# [Work to complete]
Restate the whole listing below word for word and keep the images out.

:: Material to process ::

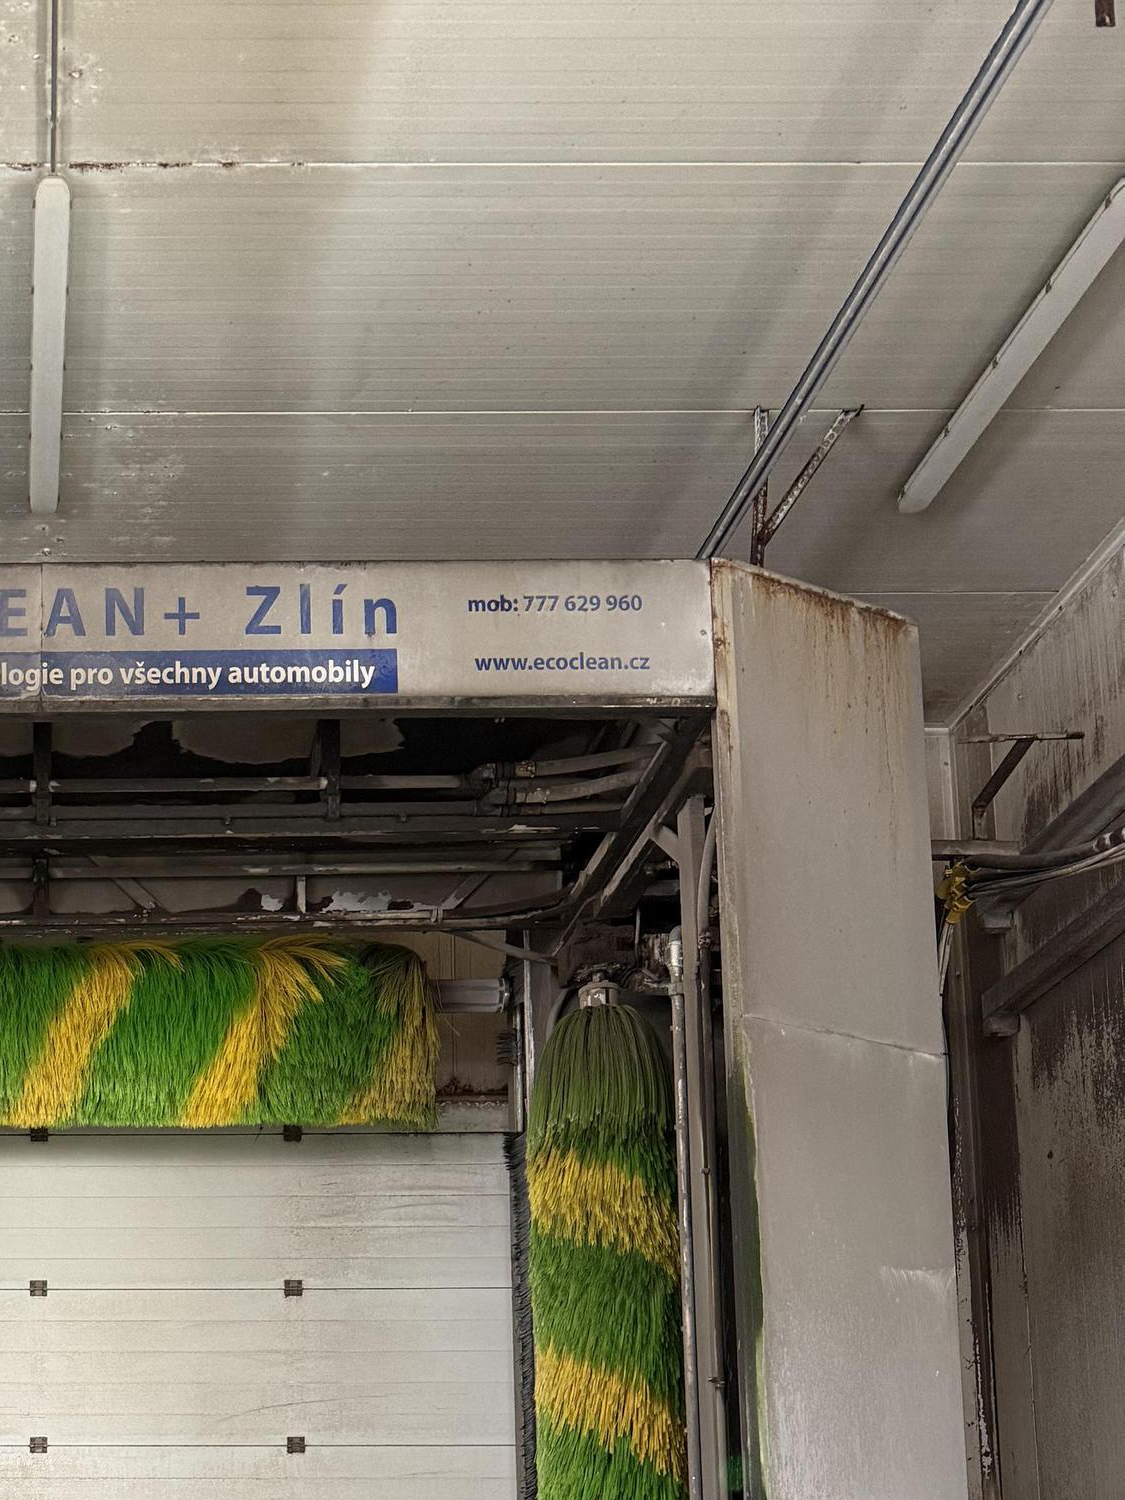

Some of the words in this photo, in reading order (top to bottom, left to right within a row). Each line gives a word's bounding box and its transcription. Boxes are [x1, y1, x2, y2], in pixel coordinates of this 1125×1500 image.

[244, 584, 398, 636] Zlín
[468, 594, 519, 613] mob:
[523, 595, 560, 612] 777
[564, 595, 601, 612] 629
[605, 594, 643, 612] 960
[474, 651, 651, 672] www.ecoclean.cz
[70, 665, 113, 691] pro
[120, 660, 222, 690] všechny
[228, 659, 375, 689] automobily
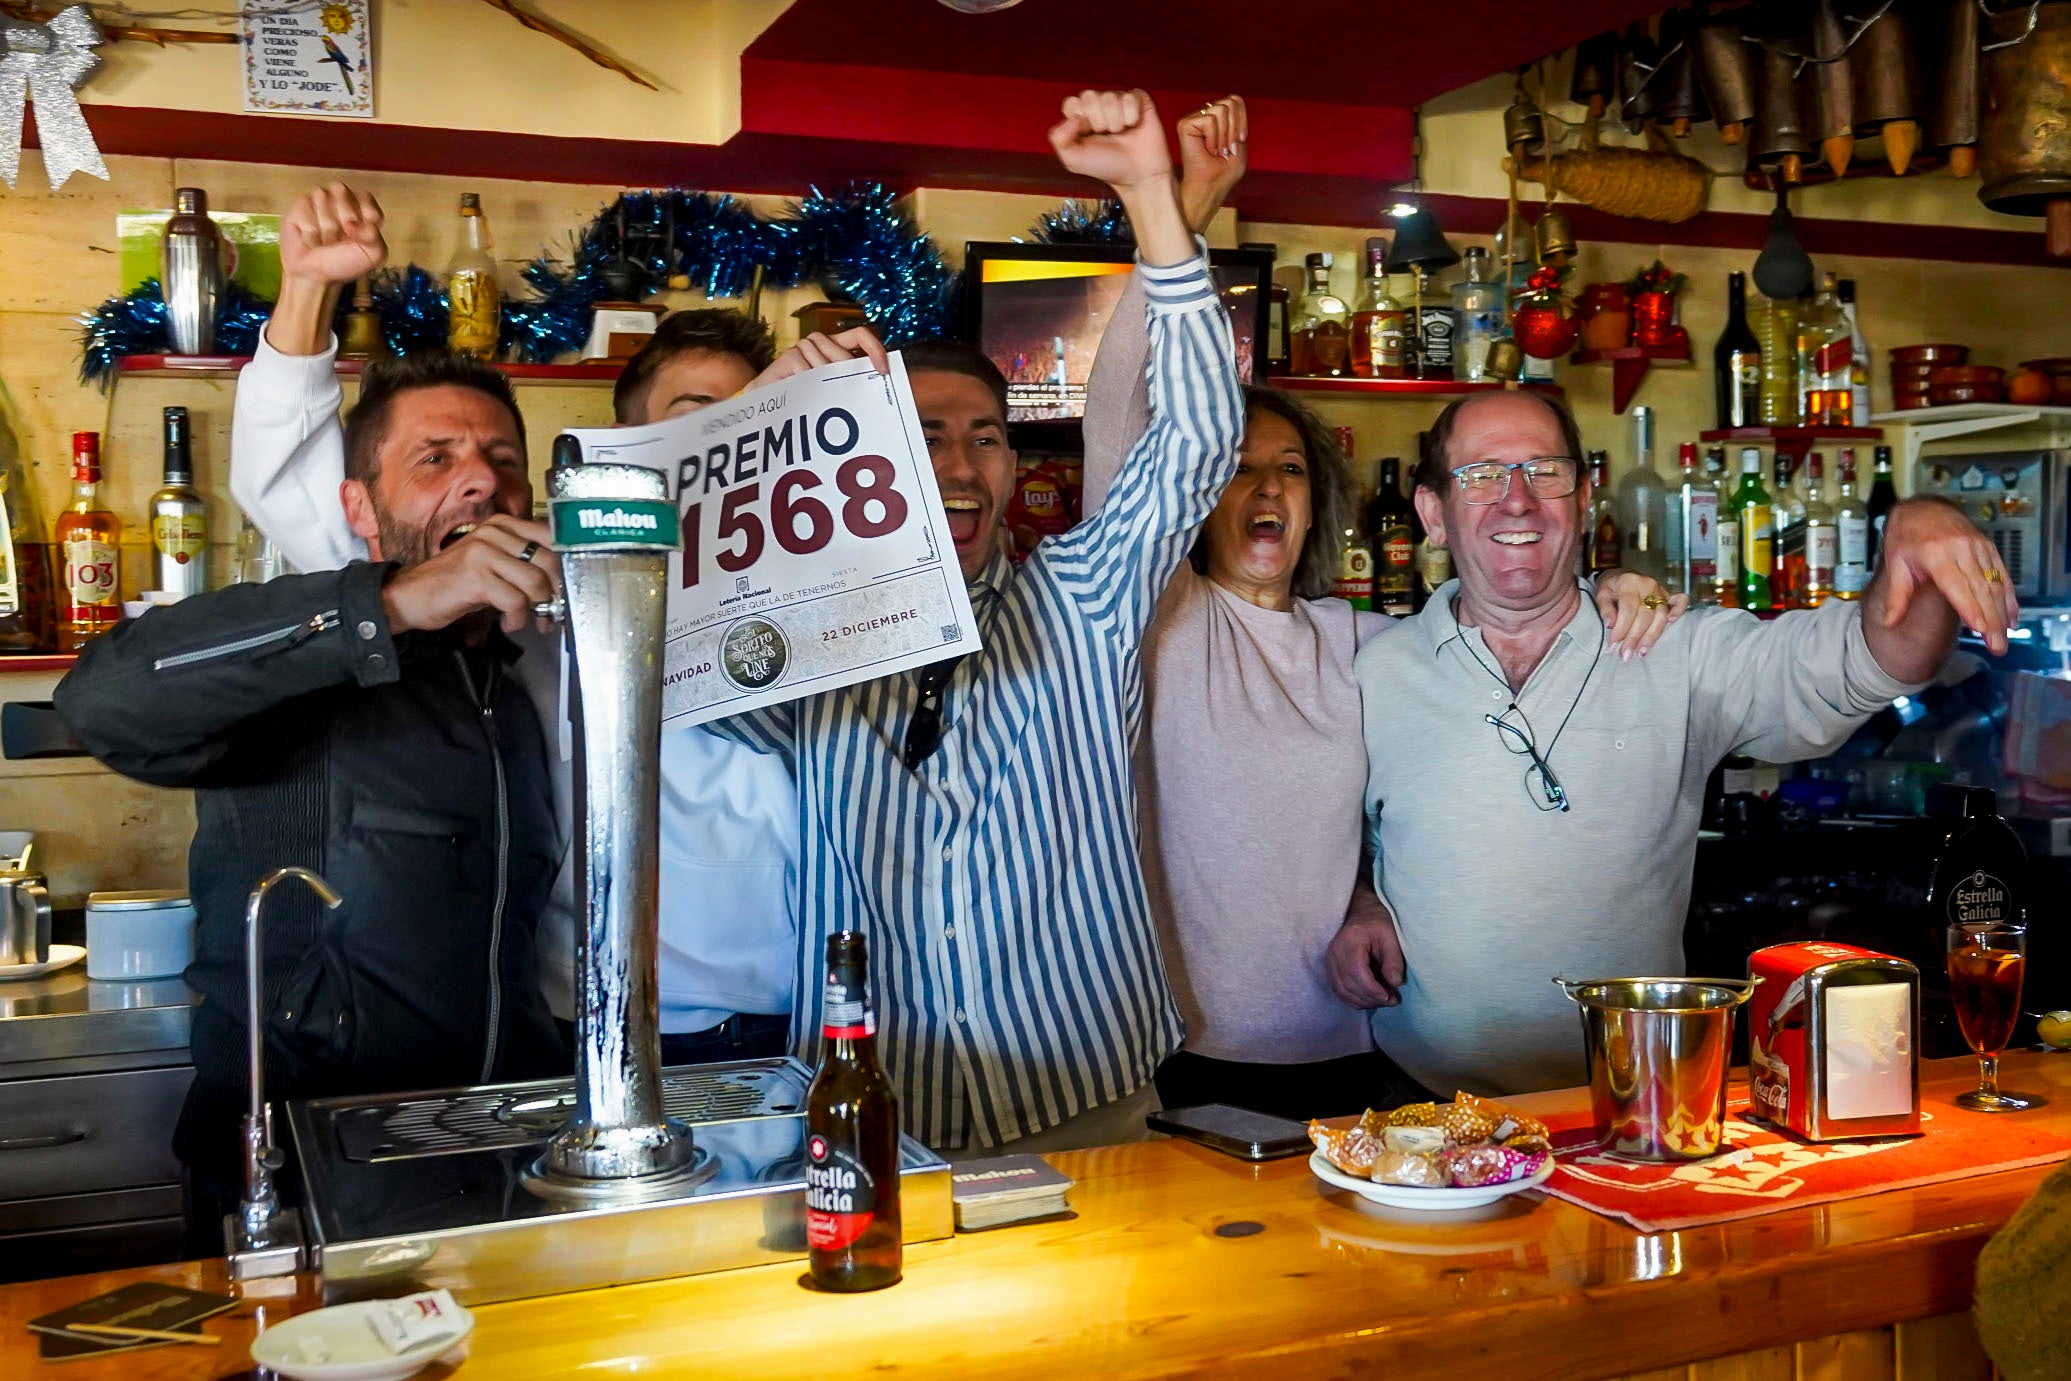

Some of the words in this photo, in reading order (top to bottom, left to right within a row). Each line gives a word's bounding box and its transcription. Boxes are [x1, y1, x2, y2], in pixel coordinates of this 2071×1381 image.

:::

# [Exercise result]
Some of the words in this photo, in reading order (top to bottom, left to right within a row). Each line gives a word's bounding box and its transcription. Boxes are [x1, y1, x2, y2], in pixel coordinates of this 1125×1500 image.

[244, 584, 398, 636] Zlín
[468, 594, 519, 613] mob:
[523, 595, 560, 612] 777
[564, 595, 601, 612] 629
[605, 594, 643, 612] 960
[474, 651, 651, 672] www.ecoclean.cz
[70, 665, 113, 691] pro
[120, 660, 222, 690] všechny
[228, 659, 375, 689] automobily

Some of the words in this photo, in reading order (top to bottom, left to right within a row). Each line gives a word's bounding box and its transcription. Boxes are [x1, y1, x2, y2], in pixel coordinates of this 2071×1381 image.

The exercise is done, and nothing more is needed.